Patrick Martin sur Europe 1 - Retraites : « Revenir à 63 ans creuserait le déficit de 10 milliards par an »
Invité d’Europe 1 Soir le 11 juin, Patrick Martin a commenté le travail fait lors du conclave sur les retraites en rappelant que les premières préoccupations des Français sont le pouvoir d’achat et l’avenir des régimes sociaux. Refuser les 64 ans ne permettrait pas de répondre à ces attentes. Il s’est aussi inquiété de la situation économique de notre pays.

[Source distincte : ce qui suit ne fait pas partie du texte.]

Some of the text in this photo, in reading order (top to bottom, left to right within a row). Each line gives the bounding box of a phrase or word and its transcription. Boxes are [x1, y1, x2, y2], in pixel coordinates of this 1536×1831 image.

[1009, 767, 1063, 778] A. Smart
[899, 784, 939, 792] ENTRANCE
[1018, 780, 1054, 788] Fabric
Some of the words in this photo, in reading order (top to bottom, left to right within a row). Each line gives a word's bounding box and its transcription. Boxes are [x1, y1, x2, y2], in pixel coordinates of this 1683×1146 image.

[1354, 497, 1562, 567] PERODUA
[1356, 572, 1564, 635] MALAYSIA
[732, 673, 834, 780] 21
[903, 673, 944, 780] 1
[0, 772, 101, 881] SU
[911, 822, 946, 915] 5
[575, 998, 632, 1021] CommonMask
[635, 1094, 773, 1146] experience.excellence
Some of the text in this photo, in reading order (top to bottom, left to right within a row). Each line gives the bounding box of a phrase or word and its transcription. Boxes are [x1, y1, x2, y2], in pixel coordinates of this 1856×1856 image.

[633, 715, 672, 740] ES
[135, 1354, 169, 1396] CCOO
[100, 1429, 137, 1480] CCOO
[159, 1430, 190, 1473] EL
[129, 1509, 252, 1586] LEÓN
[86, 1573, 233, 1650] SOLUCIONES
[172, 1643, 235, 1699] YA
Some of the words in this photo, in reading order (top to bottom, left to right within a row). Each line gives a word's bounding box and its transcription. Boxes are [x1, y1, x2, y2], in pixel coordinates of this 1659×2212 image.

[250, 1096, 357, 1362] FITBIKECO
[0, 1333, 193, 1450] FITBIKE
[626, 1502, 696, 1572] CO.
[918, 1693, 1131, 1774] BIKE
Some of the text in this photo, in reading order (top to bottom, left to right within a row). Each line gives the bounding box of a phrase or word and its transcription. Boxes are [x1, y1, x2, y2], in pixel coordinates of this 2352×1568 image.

Sur les priorités des Français
« C'est très difficile de faire un pronostic à ce stade. Ce qu'on a mis en perspective, c'est que les priorités des Français, c'est le pouvoir d'achat et l'avenir des régimes sociaux. Nous avons voulu prendre cela en compte, en ne perdant jamais de vue que notre pays est dans une situation de grande fragilité financière, Donc il n'était pas question pour nous de contribuer à creuser les déficits. Nous avons fait des propositions, très ouvertes, très constructives sur l'usure au travail, sur la gouvernance des régimes de retraite, sur les carrières des femmes, sur la prise en compte des incapacités permanentes. Mais il est évident qu'il faut qu'on travaille plus. Envoyer un signal et appliquer une réalité qui conduirait à travailler moins, cela ne répondrait pas aux attentes de nos concitoyens : le pouvoir d'achat et l'avenir des régimes sociaux. Un des avantages du report de l'âge de départ en retraite, c'est qu'on génère plus d'emploi en général donc on génère plus de richesse. Je voudrais insister sur les bonnes performances qu'ont un certain nombre de nos pays voisins à l'intérieur de l'Europe. La Pologne va être à 3,5% de croissance cette année, l'Espagne à 3%. L'Allemagne est en train de redémarrer d'une manière assez spectaculaire parce que le Gouvernement a mis en place des dispositifs d'attractivité et de compétitivité. Il vient d'annoncer 46 milliards d'euros de mesures de soutien aux entreprises. Au même moment en France, en 2025, les entreprises ont été accablées de 13 milliards d'euros de charges et d'impôts supplémentaires. »
Sur l’emploi des séniors
« Les mêmes causes produisant les mêmes effets, le fait de reporter l'âge de départ en retraite, cela accroît le taux d'emploi chez les seniors. Le fait de se projeter dans l'avenir, cela incite à travailler plus longtemps. En novembre dernier, nous avons signé un accord avec les organisations syndicales, qui permet de mieux anticiper les fins de carrière sur le plan de la santé, sur le plan des compétences. Donc oui, il y a un faisceau de dispositifs à mettre en place. Mais je suis très confiant. »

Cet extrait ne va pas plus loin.